A suicide attacker rammed an explosives-filled car into a United States embassy convoy in the Afghan capital, Kabul, on Monday, wounding five embassy staff and guards and at least three passers-by, officials said.

The fiery attack, which damaged a number of bullet-proof diplomatic vehicles, was the first suicide bombing inside Kabul this year after several deadly blasts last year blamed on Taliban insurgents.

A “vehicle-borne improvised explosive device” struck a US embassy convoy of civilian vehicles on a road heading to the eastern city of Jalalabad, the embassy said in a statement.

“There were several injuries, including one American who was evacuated and is being treated at this time in Afghanistan,” the embassy said in a statement.

US ambassador Ronald Neumann was not in the convoy.

A spokesperson for the Nato-led International Security Assistance Force said, citing the embassy, that five embassy staff were injured.

“A single white Toyota Corolla rammed the convoy, detonating explosives. The attacker was killed, there are five wounded from the embassy — embassy security personnel, we think,” Colonel Tom Collins said.

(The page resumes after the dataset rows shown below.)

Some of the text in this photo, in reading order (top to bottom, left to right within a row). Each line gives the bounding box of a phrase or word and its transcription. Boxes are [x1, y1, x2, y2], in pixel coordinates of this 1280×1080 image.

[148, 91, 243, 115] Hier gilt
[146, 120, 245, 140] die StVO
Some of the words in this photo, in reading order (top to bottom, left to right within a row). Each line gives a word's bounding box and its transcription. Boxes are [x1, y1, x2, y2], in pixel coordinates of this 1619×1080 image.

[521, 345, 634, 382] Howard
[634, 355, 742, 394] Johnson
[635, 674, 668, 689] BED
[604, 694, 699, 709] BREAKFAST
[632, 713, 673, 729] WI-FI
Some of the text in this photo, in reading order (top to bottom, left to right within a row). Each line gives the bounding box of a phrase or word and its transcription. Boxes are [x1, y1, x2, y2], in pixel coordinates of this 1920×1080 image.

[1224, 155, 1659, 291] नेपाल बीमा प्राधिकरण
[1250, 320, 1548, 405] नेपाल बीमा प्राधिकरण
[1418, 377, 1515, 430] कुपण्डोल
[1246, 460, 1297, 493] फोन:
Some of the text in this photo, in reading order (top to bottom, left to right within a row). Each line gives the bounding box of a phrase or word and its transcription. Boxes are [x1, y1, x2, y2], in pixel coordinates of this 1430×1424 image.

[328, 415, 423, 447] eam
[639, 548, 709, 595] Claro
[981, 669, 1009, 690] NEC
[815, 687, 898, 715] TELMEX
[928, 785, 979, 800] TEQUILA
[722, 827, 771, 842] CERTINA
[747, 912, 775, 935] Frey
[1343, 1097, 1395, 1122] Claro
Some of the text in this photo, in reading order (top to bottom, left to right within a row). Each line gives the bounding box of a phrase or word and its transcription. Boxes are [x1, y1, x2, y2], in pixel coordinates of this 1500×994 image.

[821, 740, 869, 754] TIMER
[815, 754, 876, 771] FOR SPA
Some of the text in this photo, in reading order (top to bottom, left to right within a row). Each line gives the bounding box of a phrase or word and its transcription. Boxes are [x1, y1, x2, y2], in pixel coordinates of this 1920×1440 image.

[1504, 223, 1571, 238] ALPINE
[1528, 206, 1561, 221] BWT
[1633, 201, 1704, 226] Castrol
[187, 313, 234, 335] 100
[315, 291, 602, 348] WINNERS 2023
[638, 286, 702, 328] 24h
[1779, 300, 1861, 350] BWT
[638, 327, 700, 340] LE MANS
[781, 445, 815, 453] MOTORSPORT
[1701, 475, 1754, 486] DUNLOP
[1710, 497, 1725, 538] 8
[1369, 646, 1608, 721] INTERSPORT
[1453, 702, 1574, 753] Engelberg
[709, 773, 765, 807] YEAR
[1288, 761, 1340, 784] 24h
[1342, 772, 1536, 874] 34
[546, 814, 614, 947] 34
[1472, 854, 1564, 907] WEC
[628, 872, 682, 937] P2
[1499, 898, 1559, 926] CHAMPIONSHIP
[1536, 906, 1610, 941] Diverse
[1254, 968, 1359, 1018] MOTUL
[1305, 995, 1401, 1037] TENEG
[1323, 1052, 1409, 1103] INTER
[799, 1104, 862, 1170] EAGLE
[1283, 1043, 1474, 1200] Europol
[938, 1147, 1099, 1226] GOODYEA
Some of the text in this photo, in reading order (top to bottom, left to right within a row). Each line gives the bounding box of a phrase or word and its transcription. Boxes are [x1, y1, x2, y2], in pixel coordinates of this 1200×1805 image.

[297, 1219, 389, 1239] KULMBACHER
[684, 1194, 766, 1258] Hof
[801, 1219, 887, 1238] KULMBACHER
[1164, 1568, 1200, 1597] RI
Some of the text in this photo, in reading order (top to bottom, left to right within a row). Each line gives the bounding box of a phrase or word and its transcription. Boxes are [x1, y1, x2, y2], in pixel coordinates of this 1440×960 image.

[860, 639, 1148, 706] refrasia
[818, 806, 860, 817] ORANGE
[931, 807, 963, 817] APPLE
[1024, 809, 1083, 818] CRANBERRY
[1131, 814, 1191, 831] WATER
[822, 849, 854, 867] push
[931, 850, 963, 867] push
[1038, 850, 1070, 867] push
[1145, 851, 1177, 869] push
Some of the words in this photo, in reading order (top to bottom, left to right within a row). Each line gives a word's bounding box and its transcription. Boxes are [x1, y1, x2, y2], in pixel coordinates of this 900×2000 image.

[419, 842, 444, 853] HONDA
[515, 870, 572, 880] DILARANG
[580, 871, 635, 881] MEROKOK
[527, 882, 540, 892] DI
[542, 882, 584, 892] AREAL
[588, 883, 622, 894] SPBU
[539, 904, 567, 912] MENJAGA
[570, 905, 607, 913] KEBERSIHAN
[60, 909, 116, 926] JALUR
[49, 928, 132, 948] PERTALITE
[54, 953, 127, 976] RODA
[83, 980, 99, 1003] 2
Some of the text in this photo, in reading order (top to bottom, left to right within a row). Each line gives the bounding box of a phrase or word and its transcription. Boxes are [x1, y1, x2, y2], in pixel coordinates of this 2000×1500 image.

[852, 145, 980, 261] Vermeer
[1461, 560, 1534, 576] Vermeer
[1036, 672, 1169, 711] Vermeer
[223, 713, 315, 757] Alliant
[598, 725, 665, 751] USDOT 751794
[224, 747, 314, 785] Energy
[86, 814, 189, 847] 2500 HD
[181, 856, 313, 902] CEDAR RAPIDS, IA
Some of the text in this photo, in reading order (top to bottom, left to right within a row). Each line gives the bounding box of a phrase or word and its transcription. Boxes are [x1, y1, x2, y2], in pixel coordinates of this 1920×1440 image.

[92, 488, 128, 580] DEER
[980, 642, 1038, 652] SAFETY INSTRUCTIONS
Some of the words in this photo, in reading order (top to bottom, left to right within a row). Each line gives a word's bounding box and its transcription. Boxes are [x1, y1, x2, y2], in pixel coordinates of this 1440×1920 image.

Public Health Ministry director Salam Jalali said three Afghans were injured in the blast and evacuated to local hospitals for treatment.

An investigator at the scene and an eyewitness told Agence France-Presse they had seen at least one child being taken to hospital by ambulance.

An Afghan blacksmith, who runs a workshop near the explosion site, said the attacker appeared to have hit the convoy from the opposite direction.

“I saw a person being thrown from one of the vehicles. I saw an Afghan child wounded and taken to hospital,” said the blacksmith, named only Esmatullah.

Foreign troops immediately sealed off the area.

The vehicle used in the attack was still burning about half an hour after the attack and damaged four-by-four vehicles were pulled to the side of Jalalabad Road.

Many of the suicide blasts in Afghanistan last year were on the same road, which is often used by troops travelling to the main US base at Bagram, about 60km from the capital, and passes various other bases.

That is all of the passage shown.